> REQUIREMENT: The data below is to be repeated in full, exactly as given.

> MATERIAL PROVIDED:
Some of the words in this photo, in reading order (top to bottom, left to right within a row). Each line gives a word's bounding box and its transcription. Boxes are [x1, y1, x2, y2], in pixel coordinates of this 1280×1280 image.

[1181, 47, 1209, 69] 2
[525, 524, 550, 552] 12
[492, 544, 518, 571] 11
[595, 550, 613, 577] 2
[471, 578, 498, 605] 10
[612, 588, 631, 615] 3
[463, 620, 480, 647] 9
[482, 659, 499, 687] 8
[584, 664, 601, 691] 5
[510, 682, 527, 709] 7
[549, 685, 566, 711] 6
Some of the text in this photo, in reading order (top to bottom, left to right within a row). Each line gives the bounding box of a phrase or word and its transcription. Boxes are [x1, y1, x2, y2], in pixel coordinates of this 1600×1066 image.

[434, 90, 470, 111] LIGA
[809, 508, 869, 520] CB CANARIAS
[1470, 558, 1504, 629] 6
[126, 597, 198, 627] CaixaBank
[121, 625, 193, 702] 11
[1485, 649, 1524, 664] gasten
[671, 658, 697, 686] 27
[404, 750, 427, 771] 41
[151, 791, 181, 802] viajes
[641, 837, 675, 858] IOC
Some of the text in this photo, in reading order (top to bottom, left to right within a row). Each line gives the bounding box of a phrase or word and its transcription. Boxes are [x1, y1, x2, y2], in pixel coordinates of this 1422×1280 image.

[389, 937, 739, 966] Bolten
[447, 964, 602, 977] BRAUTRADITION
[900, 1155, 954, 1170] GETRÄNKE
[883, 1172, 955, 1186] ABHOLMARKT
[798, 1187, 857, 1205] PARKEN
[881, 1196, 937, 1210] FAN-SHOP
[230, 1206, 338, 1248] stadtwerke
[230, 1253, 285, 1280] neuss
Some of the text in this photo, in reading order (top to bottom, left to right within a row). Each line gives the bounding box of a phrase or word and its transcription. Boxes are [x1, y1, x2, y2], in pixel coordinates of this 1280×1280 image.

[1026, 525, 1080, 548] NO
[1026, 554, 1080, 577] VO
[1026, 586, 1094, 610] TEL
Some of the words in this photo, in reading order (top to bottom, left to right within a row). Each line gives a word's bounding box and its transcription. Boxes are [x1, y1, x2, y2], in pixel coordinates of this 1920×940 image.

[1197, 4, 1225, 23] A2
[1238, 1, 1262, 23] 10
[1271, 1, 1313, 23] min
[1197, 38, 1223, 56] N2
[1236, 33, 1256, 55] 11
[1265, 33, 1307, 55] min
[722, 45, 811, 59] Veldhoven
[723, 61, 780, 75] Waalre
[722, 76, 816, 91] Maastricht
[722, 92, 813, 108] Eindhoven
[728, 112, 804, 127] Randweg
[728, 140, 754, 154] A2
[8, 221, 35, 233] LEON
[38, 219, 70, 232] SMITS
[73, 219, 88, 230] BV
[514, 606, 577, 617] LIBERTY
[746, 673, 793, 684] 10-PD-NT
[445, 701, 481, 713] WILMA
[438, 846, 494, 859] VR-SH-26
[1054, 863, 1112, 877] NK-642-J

> RESPONSE TO THE TASK:
Some of the words in this photo, in reading order (top to bottom, left to right within a row). Each line gives a word's bounding box and its transcription. Boxes are [x1, y1, x2, y2], in pixel coordinates of this 1280×1280 image.

[1181, 47, 1209, 69] 2
[525, 524, 550, 552] 12
[492, 544, 518, 571] 11
[595, 550, 613, 577] 2
[471, 578, 498, 605] 10
[612, 588, 631, 615] 3
[463, 620, 480, 647] 9
[482, 659, 499, 687] 8
[584, 664, 601, 691] 5
[510, 682, 527, 709] 7
[549, 685, 566, 711] 6
Some of the text in this photo, in reading order (top to bottom, left to right within a row). Each line gives the bounding box of a phrase or word and its transcription. Boxes are [x1, y1, x2, y2], in pixel coordinates of this 1600×1066 image.

[434, 90, 470, 111] LIGA
[809, 508, 869, 520] CB CANARIAS
[1470, 558, 1504, 629] 6
[126, 597, 198, 627] CaixaBank
[121, 625, 193, 702] 11
[1485, 649, 1524, 664] gasten
[671, 658, 697, 686] 27
[404, 750, 427, 771] 41
[151, 791, 181, 802] viajes
[641, 837, 675, 858] IOC
Some of the text in this photo, in reading order (top to bottom, left to right within a row). Each line gives the bounding box of a phrase or word and its transcription. Boxes are [x1, y1, x2, y2], in pixel coordinates of this 1422×1280 image.

[389, 937, 739, 966] Bolten
[447, 964, 602, 977] BRAUTRADITION
[900, 1155, 954, 1170] GETRÄNKE
[883, 1172, 955, 1186] ABHOLMARKT
[798, 1187, 857, 1205] PARKEN
[881, 1196, 937, 1210] FAN-SHOP
[230, 1206, 338, 1248] stadtwerke
[230, 1253, 285, 1280] neuss
Some of the text in this photo, in reading order (top to bottom, left to right within a row). Each line gives the bounding box of a phrase or word and its transcription. Boxes are [x1, y1, x2, y2], in pixel coordinates of this 1280×1280 image.

[1026, 525, 1080, 548] NO
[1026, 554, 1080, 577] VO
[1026, 586, 1094, 610] TEL
Some of the words in this photo, in reading order (top to bottom, left to right within a row). Each line gives a word's bounding box and its transcription. Boxes are [x1, y1, x2, y2], in pixel coordinates of this 1920×940 image.

[1197, 4, 1225, 23] A2
[1238, 1, 1262, 23] 10
[1271, 1, 1313, 23] min
[1197, 38, 1223, 56] N2
[1236, 33, 1256, 55] 11
[1265, 33, 1307, 55] min
[722, 45, 811, 59] Veldhoven
[723, 61, 780, 75] Waalre
[722, 76, 816, 91] Maastricht
[722, 92, 813, 108] Eindhoven
[728, 112, 804, 127] Randweg
[728, 140, 754, 154] A2
[8, 221, 35, 233] LEON
[38, 219, 70, 232] SMITS
[73, 219, 88, 230] BV
[514, 606, 577, 617] LIBERTY
[746, 673, 793, 684] 10-PD-NT
[445, 701, 481, 713] WILMA
[438, 846, 494, 859] VR-SH-26
[1054, 863, 1112, 877] NK-642-J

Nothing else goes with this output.